■ Spatial localization data:
########

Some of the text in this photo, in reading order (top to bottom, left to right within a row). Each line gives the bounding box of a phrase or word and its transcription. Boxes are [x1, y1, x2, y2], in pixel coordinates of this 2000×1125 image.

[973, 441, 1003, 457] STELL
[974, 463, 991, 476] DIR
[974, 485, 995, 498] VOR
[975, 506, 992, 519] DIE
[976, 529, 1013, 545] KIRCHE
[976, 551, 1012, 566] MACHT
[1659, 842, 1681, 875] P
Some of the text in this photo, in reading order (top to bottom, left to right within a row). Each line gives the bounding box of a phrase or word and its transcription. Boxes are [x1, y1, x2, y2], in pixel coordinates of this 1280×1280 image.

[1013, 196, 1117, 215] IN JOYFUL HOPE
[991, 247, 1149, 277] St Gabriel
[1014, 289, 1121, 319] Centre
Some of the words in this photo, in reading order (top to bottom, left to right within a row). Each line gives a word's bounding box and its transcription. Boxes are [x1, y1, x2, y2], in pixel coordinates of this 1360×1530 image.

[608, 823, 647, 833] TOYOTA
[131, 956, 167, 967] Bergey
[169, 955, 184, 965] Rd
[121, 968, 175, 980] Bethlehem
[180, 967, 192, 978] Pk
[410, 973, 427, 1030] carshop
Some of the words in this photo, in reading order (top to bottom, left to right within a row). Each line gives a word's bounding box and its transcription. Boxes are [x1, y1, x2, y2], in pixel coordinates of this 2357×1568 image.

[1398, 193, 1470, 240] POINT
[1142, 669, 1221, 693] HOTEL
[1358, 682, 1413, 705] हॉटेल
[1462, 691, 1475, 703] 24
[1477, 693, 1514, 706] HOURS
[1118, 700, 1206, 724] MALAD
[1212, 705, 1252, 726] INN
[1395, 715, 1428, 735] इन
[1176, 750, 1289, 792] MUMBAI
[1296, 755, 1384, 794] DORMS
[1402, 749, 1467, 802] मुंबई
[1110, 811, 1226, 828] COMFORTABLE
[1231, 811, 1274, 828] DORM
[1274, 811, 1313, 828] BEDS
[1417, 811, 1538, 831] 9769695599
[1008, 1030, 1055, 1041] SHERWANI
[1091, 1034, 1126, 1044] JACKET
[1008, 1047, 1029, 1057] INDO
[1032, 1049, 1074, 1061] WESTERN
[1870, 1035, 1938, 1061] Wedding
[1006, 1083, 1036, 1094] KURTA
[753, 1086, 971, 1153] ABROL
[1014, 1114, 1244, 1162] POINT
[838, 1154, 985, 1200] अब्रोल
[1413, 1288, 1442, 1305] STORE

########

■ Work to complete: Each entry must be retyped exactly as it was written above.

■ Answer box:
Some of the text in this photo, in reading order (top to bottom, left to right within a row). Each line gives the bounding box of a phrase or word and its transcription. Boxes are [x1, y1, x2, y2], in pixel coordinates of this 2000×1125 image.

[973, 441, 1003, 457] STELL
[974, 463, 991, 476] DIR
[974, 485, 995, 498] VOR
[975, 506, 992, 519] DIE
[976, 529, 1013, 545] KIRCHE
[976, 551, 1012, 566] MACHT
[1659, 842, 1681, 875] P
Some of the text in this photo, in reading order (top to bottom, left to right within a row). Each line gives the bounding box of a phrase or word and its transcription. Boxes are [x1, y1, x2, y2], in pixel coordinates of this 1280×1280 image.

[1013, 196, 1117, 215] IN JOYFUL HOPE
[991, 247, 1149, 277] St Gabriel
[1014, 289, 1121, 319] Centre
Some of the words in this photo, in reading order (top to bottom, left to right within a row). Each line gives a word's bounding box and its transcription. Boxes are [x1, y1, x2, y2], in pixel coordinates of this 1360×1530 image.

[608, 823, 647, 833] TOYOTA
[131, 956, 167, 967] Bergey
[169, 955, 184, 965] Rd
[121, 968, 175, 980] Bethlehem
[180, 967, 192, 978] Pk
[410, 973, 427, 1030] carshop
Some of the words in this photo, in reading order (top to bottom, left to right within a row). Each line gives a word's bounding box and its transcription. Boxes are [x1, y1, x2, y2], in pixel coordinates of this 2357×1568 image.

[1398, 193, 1470, 240] POINT
[1142, 669, 1221, 693] HOTEL
[1358, 682, 1413, 705] हॉटेल
[1462, 691, 1475, 703] 24
[1477, 693, 1514, 706] HOURS
[1118, 700, 1206, 724] MALAD
[1212, 705, 1252, 726] INN
[1395, 715, 1428, 735] इन
[1176, 750, 1289, 792] MUMBAI
[1296, 755, 1384, 794] DORMS
[1402, 749, 1467, 802] मुंबई
[1110, 811, 1226, 828] COMFORTABLE
[1231, 811, 1274, 828] DORM
[1274, 811, 1313, 828] BEDS
[1417, 811, 1538, 831] 9769695599
[1008, 1030, 1055, 1041] SHERWANI
[1091, 1034, 1126, 1044] JACKET
[1008, 1047, 1029, 1057] INDO
[1032, 1049, 1074, 1061] WESTERN
[1870, 1035, 1938, 1061] Wedding
[1006, 1083, 1036, 1094] KURTA
[753, 1086, 971, 1153] ABROL
[1014, 1114, 1244, 1162] POINT
[838, 1154, 985, 1200] अब्रोल
[1413, 1288, 1442, 1305] STORE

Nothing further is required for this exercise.